Here are some pictures of Peanut, a calico cat who provides an excellent example of Lyonization. Calicos have three different colors of fur--white, black, and orangish brown. The areas of white fur are due to the spotting gene that determines whether or pigment pigment is present. In the white area, there is no pigment. In the black and orange areas, pigment is present.
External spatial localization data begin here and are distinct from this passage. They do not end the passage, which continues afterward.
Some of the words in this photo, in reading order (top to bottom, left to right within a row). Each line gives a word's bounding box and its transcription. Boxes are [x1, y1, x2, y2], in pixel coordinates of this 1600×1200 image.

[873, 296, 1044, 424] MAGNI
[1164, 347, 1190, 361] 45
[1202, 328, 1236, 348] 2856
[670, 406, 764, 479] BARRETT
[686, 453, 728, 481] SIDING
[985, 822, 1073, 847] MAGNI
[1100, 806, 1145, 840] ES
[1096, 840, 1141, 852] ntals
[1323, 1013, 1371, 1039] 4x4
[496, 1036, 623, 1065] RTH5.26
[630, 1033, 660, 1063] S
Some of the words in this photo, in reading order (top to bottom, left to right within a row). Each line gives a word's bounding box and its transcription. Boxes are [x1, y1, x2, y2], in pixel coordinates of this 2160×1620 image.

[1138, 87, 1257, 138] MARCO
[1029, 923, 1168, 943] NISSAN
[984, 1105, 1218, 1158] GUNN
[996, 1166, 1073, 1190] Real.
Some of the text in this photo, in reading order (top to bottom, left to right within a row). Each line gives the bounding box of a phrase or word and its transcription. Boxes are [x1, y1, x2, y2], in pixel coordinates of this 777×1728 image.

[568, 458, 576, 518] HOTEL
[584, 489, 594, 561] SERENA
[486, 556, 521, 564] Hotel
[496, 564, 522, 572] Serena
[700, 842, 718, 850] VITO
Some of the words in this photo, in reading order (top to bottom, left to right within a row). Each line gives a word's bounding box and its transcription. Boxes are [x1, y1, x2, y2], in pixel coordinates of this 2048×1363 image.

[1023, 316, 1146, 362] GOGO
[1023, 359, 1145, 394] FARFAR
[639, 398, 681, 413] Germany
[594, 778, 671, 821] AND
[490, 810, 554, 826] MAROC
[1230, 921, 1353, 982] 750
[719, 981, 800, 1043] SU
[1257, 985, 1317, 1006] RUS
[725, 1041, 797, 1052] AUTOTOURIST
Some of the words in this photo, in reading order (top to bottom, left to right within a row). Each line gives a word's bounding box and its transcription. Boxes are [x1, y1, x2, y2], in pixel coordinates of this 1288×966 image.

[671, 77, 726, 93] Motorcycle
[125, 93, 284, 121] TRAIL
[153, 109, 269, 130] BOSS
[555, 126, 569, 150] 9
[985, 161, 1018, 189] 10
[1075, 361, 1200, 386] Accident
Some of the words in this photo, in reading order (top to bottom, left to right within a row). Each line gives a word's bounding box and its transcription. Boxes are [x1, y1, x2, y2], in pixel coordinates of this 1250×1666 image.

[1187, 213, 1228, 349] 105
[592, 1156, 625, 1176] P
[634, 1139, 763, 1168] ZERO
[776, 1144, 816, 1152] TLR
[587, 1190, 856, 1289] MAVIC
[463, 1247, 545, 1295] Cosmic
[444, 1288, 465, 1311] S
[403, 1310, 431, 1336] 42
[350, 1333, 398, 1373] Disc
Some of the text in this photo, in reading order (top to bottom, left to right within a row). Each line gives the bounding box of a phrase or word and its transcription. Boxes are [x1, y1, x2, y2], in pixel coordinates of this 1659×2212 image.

The difference between the orange and the black areas is determined by Lyonization. All calicos are female and have a pigmentation gene on the X chromosome. One X chromosome contains an allele that results in black pigment while the other X has a different allele that gives orange pigment. Where there is black fur, the X chromosome with the black allele is active while the orange X is a Barr body. Just the opposite occurs in the orange areas--the X with the organge allele is active while the X with the black allele is deactivated. Notice the mosaic pattern of the cat's fur. If the cells of her liver or any other organ were "color-coded" to illustrate which X was active, the organ would have a similar mosaic appearance.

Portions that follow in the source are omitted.